Dataset entries:
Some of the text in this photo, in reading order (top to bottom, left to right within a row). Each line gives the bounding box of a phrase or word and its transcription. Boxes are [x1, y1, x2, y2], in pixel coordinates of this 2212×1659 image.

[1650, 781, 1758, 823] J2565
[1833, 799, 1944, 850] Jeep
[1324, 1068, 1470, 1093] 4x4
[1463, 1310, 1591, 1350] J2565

Brief: Set out the records again, exactly as they appear above.

Solved exercise:
Some of the text in this photo, in reading order (top to bottom, left to right within a row). Each line gives the bounding box of a phrase or word and its transcription. Boxes are [x1, y1, x2, y2], in pixel coordinates of this 2212×1659 image.

[1650, 781, 1758, 823] J2565
[1833, 799, 1944, 850] Jeep
[1324, 1068, 1470, 1093] 4x4
[1463, 1310, 1591, 1350] J2565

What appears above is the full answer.